### What needs to be done
Return the entries below verbatim. Pictures stay out.

### Extracted records

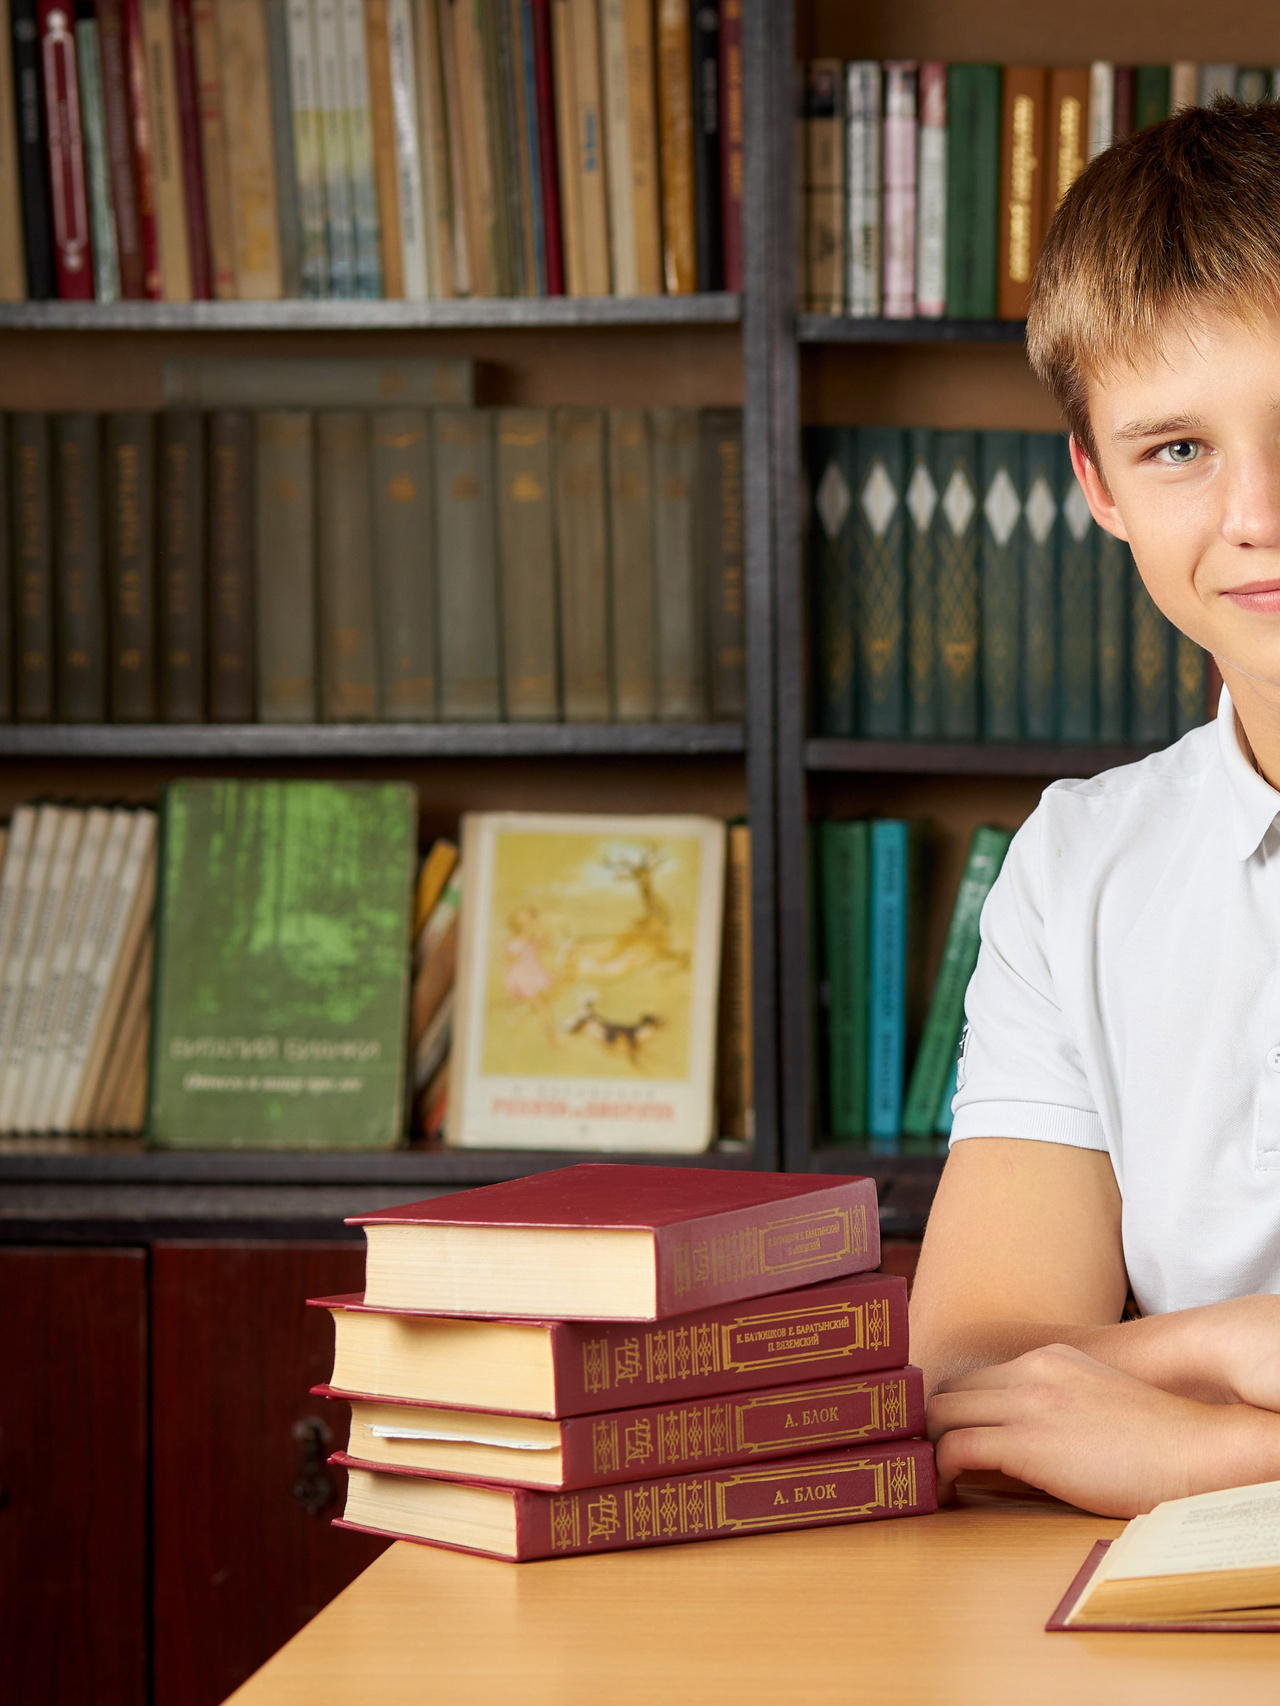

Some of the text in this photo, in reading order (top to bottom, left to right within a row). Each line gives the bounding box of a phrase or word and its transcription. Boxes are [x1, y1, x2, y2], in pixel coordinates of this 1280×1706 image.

[744, 1328, 786, 1343] БАТЮШКОВ
[788, 1326, 795, 1336] Е.
[796, 1316, 849, 1334] БАРАТЫНСКИЙ
[768, 1333, 819, 1352] П. ВЯЗЕМСКИЙ
[784, 1406, 839, 1428] А. БЛОК
[773, 1483, 837, 1505] А. БЛОК
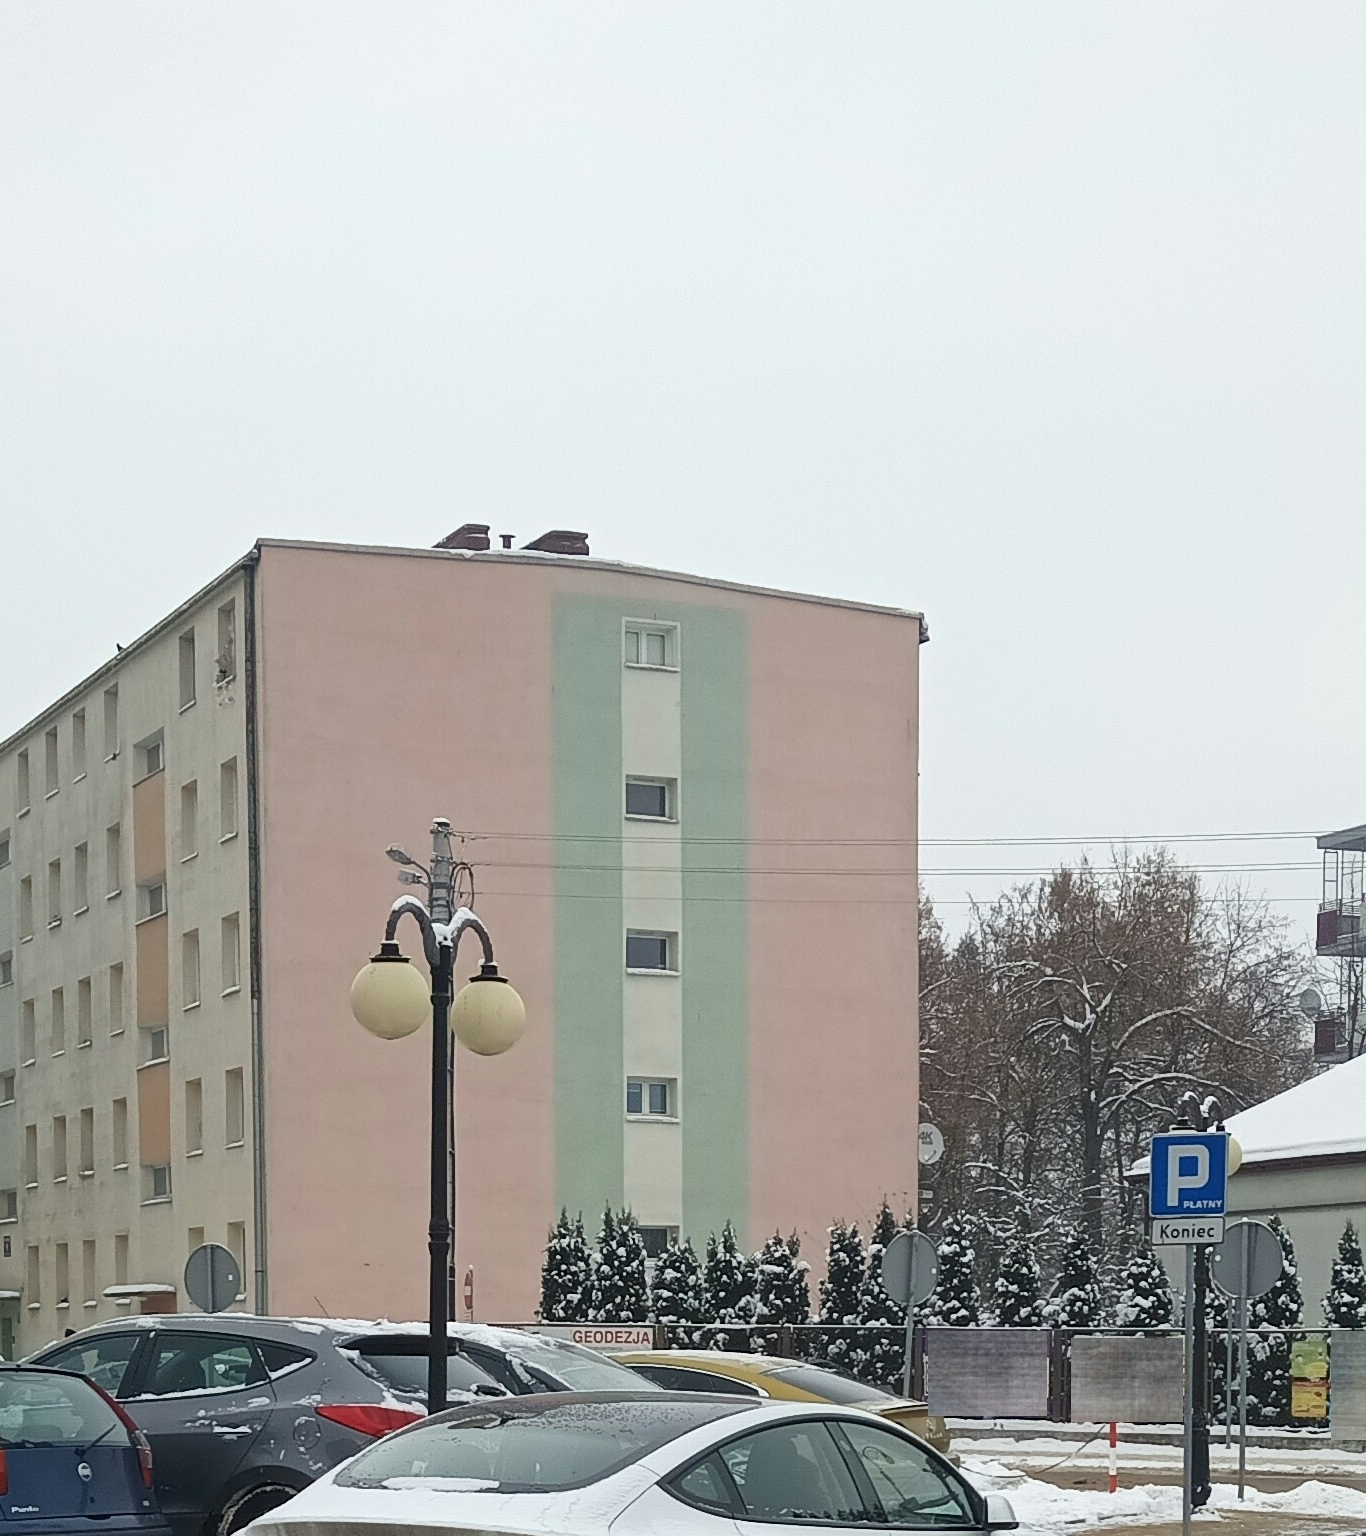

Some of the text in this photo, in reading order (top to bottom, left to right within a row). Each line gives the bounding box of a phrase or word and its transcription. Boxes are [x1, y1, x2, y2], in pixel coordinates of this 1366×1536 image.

[1167, 1144, 1210, 1207] P
[1183, 1200, 1223, 1209] PŁATNY
[1160, 1223, 1215, 1239] Koniec
[572, 1330, 651, 1345] GEODEZJA
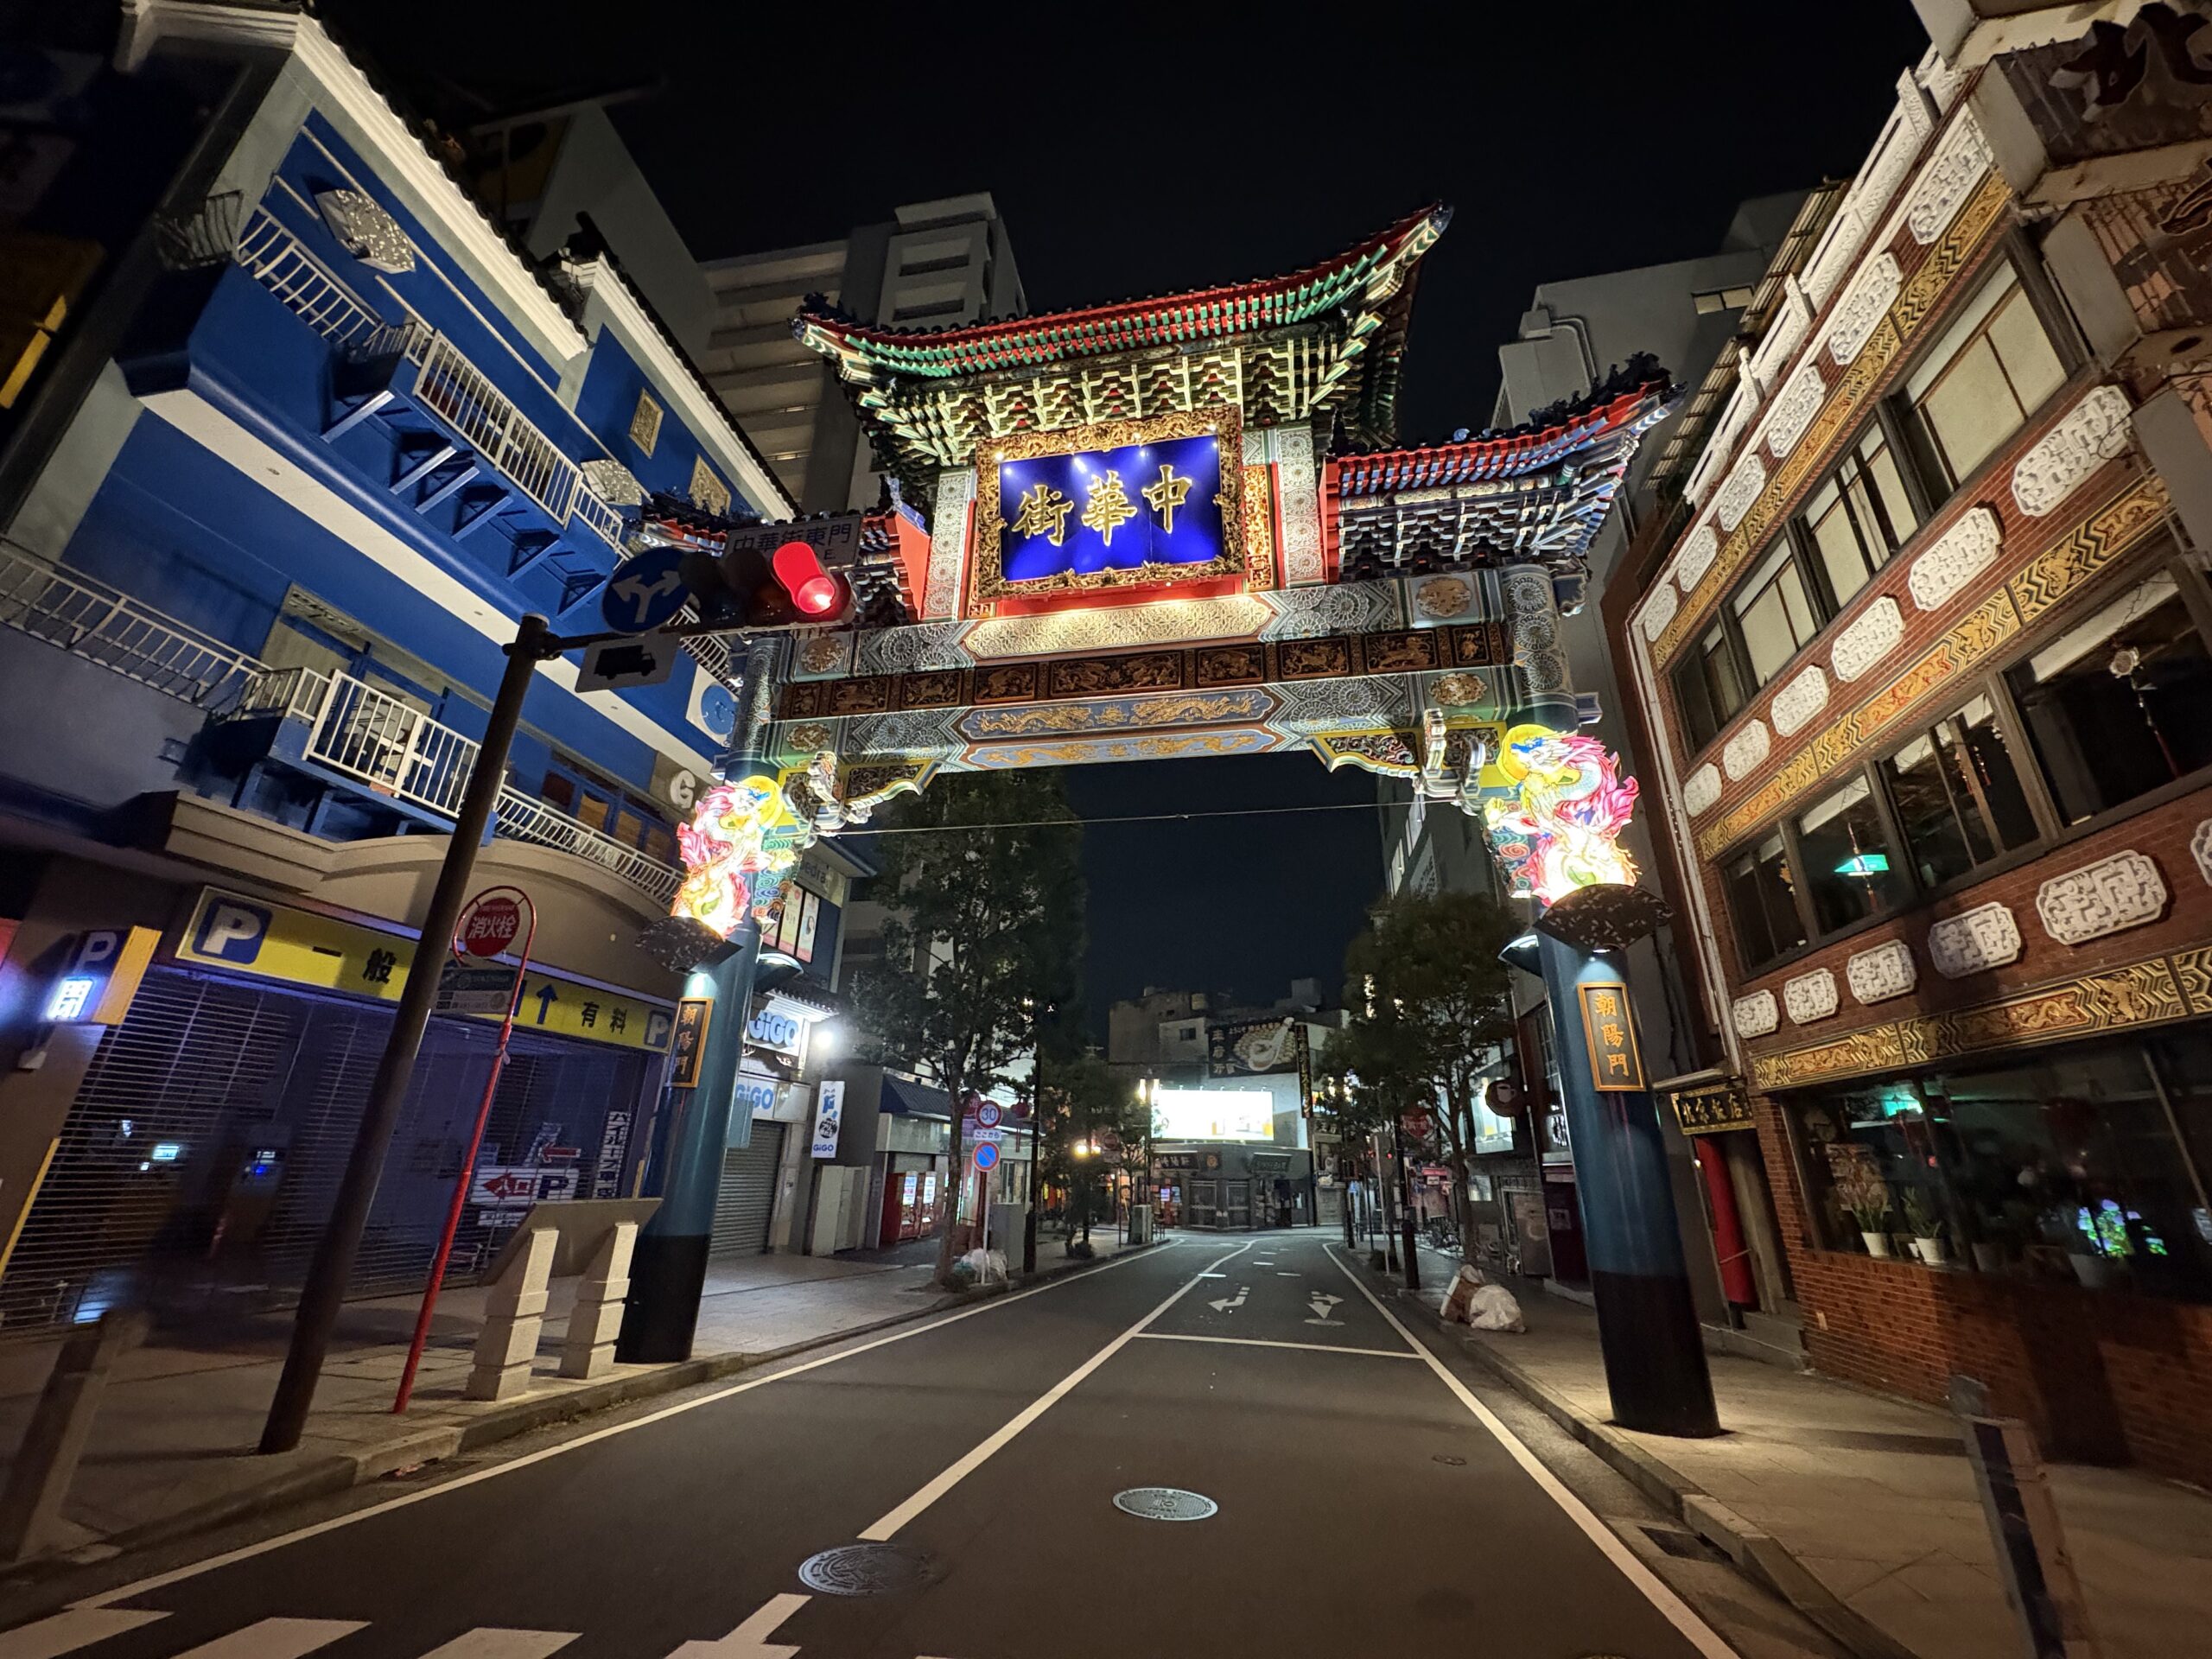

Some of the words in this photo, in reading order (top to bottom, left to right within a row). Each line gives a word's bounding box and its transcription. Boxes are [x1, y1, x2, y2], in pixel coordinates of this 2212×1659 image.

[1011, 464, 1192, 548] 中華街
[734, 523, 852, 551] 中華街東門
[201, 906, 260, 955] P
[467, 913, 518, 940] 消火栓
[73, 931, 118, 975] P
[312, 945, 397, 985] 一般
[581, 1001, 628, 1034] 有料
[647, 1017, 670, 1046] P
[748, 1009, 799, 1047] GiGO
[675, 1006, 698, 1076] 朝陽門
[1594, 993, 1630, 1077] 朝陽門
[982, 1108, 997, 1122] 30
[813, 1142, 834, 1152] GiGO
[975, 1130, 1001, 1139] ここから
[495, 1177, 532, 1195] 入口
[537, 1175, 569, 1199] P

### Solution for this task
Some of the text in this photo, in reading order (top to bottom, left to right within a row). Each line gives the bounding box of a phrase or word and its transcription. Boxes are [x1, y1, x2, y2], in pixel coordinates of this 1280×1706 image.

[744, 1328, 786, 1343] БАТЮШКОВ
[788, 1326, 795, 1336] Е.
[796, 1316, 849, 1334] БАРАТЫНСКИЙ
[768, 1333, 819, 1352] П. ВЯЗЕМСКИЙ
[784, 1406, 839, 1428] А. БЛОК
[773, 1483, 837, 1505] А. БЛОК

Some of the text in this photo, in reading order (top to bottom, left to right within a row). Each line gives the bounding box of a phrase or word and its transcription. Boxes are [x1, y1, x2, y2], in pixel coordinates of this 1366×1536 image.

[1167, 1144, 1210, 1207] P
[1183, 1200, 1223, 1209] PŁATNY
[1160, 1223, 1215, 1239] Koniec
[572, 1330, 651, 1345] GEODEZJA

Some of the words in this photo, in reading order (top to bottom, left to right within a row). Each line gives a word's bounding box and its transcription. Boxes are [x1, y1, x2, y2], in pixel coordinates of this 2212×1659 image.

[1011, 464, 1192, 548] 中華街
[734, 523, 852, 551] 中華街東門
[201, 906, 260, 955] P
[467, 913, 518, 940] 消火栓
[73, 931, 118, 975] P
[312, 945, 397, 985] 一般
[581, 1001, 628, 1034] 有料
[647, 1017, 670, 1046] P
[748, 1009, 799, 1047] GiGO
[675, 1006, 698, 1076] 朝陽門
[1594, 993, 1630, 1077] 朝陽門
[982, 1108, 997, 1122] 30
[813, 1142, 834, 1152] GiGO
[975, 1130, 1001, 1139] ここから
[495, 1177, 532, 1195] 入口
[537, 1175, 569, 1199] P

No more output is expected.